All of this can get touchy when we’re operating on Earth — The Space Shuttle’s main engine, says NASA, “operates at greater temperature extremes than any mechanical system in common use today,” and indeed, we can look at the temperature contrasts in such an engine, from down to 20 degrees Kelvin (the temperature of liquid hydrogen fuel) all the way up to 3600 degrees K in the engine’s combustion chamber when the hydrogen burns with liquid oxygen.
But the deep space situation is likewise problematic. A probe to another planet has the same need to store, pump and mix liquid fuel with an oxidizer, but it must also rely on pumps and other internals that have been in a state of storage for up to years at a time. Let me quote the book on a telling case in point:
In 2004, the rocket engine used by the Cassini spacecraft to enter into Saturn’s orbit had to fire for more than 90 minutes after being mostly dormant since its launch 7 years previously. The engine performed as designed, but as Project Manager Bob Mitchell is quoted as saying before the engine was ignited: “We’re about to go through our second hair-graying event… Todd Barber, Cassini’s leader for the propulsion system, called that system “a plumber’s nightmare.” So complicated was the engine that a complete backup was launched onboard in case the primary were to fail… The mass required for the spare engine might have been used to accommodate more science instruments.
None of this is to downplay the need for basic rocketry to get us to Earth orbit, but a case for continued, and ramped up, experimentation with solar sails is certainly there. When we’re contemplating missions to the outer Solar System and beyond, we have to look at the rocket equation developed by Konstantin Tsiolkovsky, which has governed everything we do with these tools. It tells us that a rocket gains speed linearly as its starting mass of propellant rises exponentially. So if we keep adding more fuel to get where we want to go faster, we demand still more fuel, in exponential fashion, just to push the mass of the fuel we added in the first place.
The case space scientists will have to continue to make is that sails are not just exotic attempts to mimic the great sailing ships of old (although the analogy is delightful and often tapped by sail theorists). Instead, by carrying no propellant, the sail gets us around the rocket equation entirely. We wind up with tiny thrust delivered, in the case of solar sails, by the momentum imparted by photons from the Sun. Small thrust over time builds continuously, allowing the slowly-starting sail to gradually overtake the probe hurled along the same trajectory by a chemical rocket.

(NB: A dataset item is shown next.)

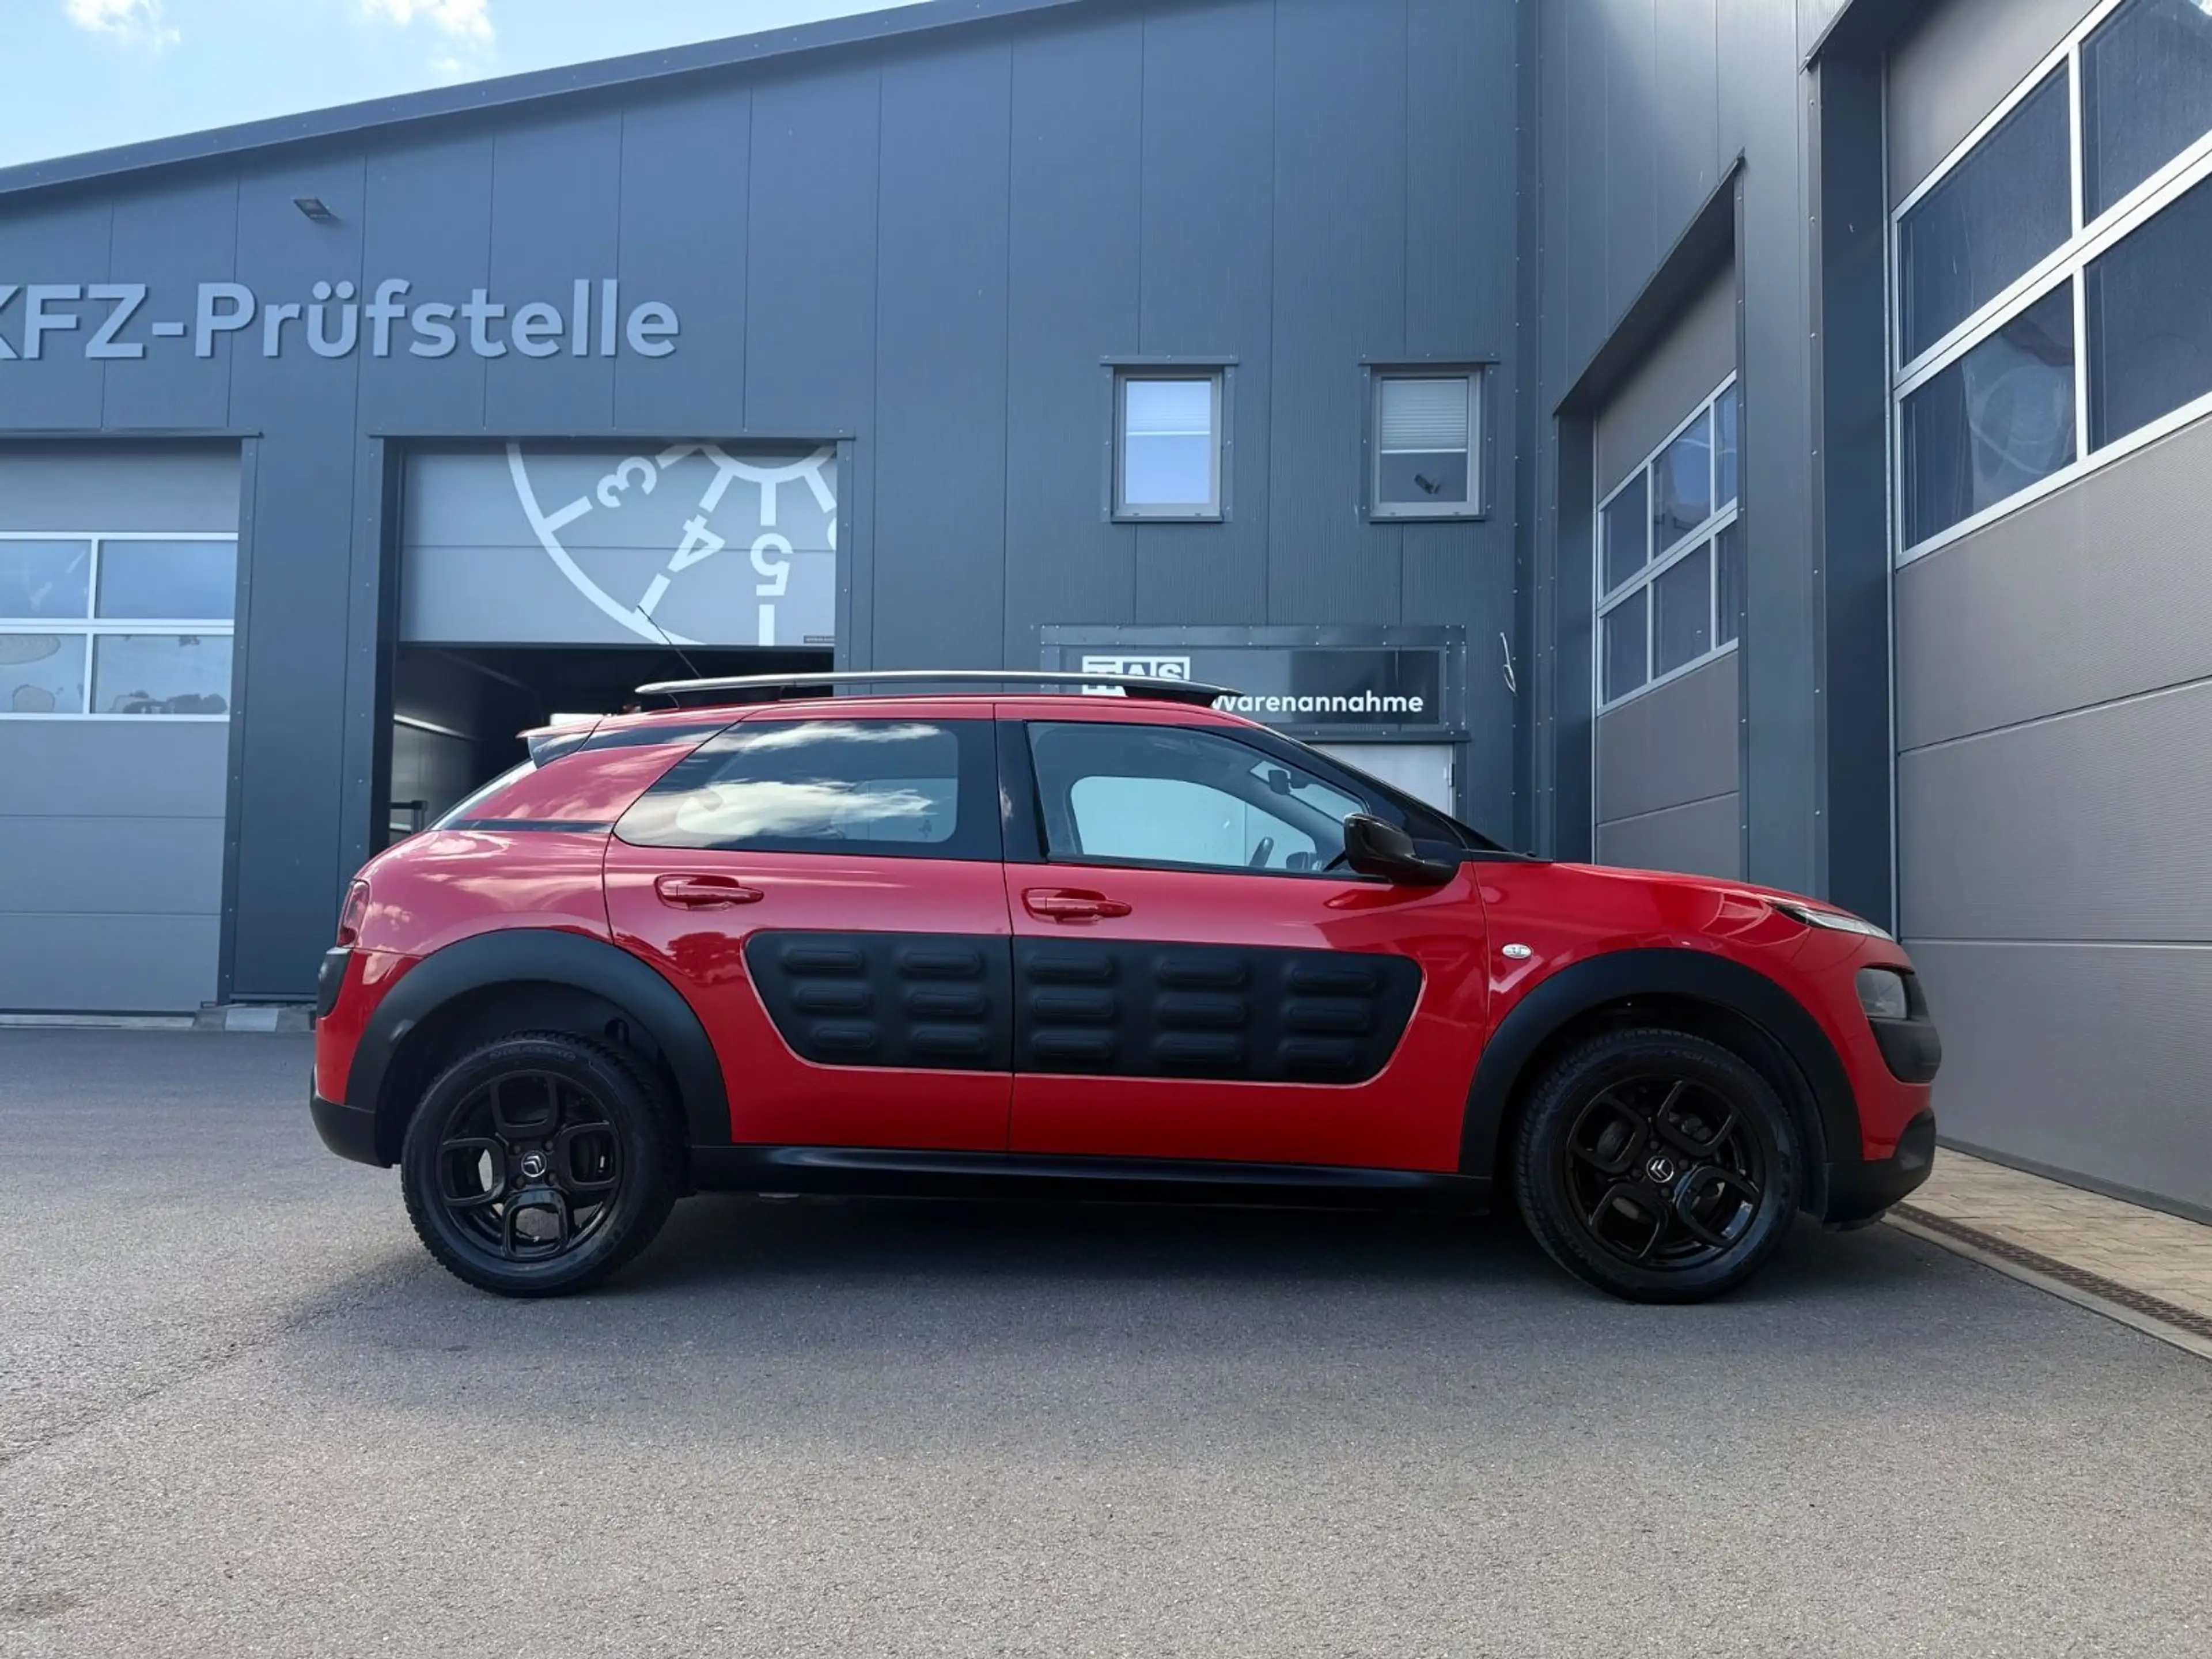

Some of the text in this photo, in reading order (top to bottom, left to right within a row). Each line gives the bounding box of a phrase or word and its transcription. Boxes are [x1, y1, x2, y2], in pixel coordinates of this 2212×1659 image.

[597, 456, 657, 508] 3
[666, 514, 726, 573] 4
[750, 532, 794, 596] 5

Sunlight drops sharply as we move toward the outer Solar System, and indeed, by the time we’ve reached the orbit of Jupiter, our sail is experiencing a severe shortage of solar photons. But if we turn our attention to deep space, we have the option of beaming energy to the sail through laser or microwave methods that can compensate for the loss. In fact, some of the designs for beamed sails offer us interstellar options, trips to nearby stars within decades, at the cost of building a Solar System-wide economy that can afford the needed power stations. Solar Sails explores these options in detail, as we’ll see later this week.
Enter the Multi-Modal Mission
Just how and where to deploy solar sails on interplanetary missions? We know that at the distance of the Earth from the Sun, the solar flux is on the order of 1.4 kilowatts per square meter, which works out to being nine orders of magnitude weaker than the force of the wind on the Earth’s surface. You can see why sails have to be both lightweight and large. We also know that the light impinging on the sail varies inversely by the square of the distance from the Sun. This is why the Japanese space agency JAXA, which pulled off the successful IKAROS sail mission, is looking at a Jupiter mission using not just a solar sail but ion propulsion. The sail gets you to interplanetary speeds but the ion engine will be fully efficient at 5 AU and beyond.
When I wrote Centauri Dreams (the book), I speculated that a true interstellar mission might be likewise reliant on more than one propulsion technology. A laser-beamed lightsail might, for example, deploy a magnetic sail using a lightweight but immense superconductor loop to brake against a destination star’s stellar wind upon arrival. The idea of multi-modal propulsion was hardly original with me. In fact, Giovanni Vulpetti had been talking about such an idea for some time, and in Solar Sails refers to it as ‘multiple propulsion mode.’ Film director James Cameron also picked up on the concept in 2009’s Avatar, in which the starship Venture Star uses both antimatter technologies as well as a laser-driven lightsail. Hollywood had never before shown such an interesting starship idea.
Tomorrow I want to look not just at interstellar sail theory but in particular at some of the private initiatives that have pushed sail design forward, in particular the Aurora Collaboration in Italy (both Vulpetti and author Gregory Matloff were key players here, with Vulpetti serving as team coordinator), and the laboratory work accomplished by James and Gregory Benford at the Jet Propulsion Laboratory in California, where core beamed sail ideas were put to the test.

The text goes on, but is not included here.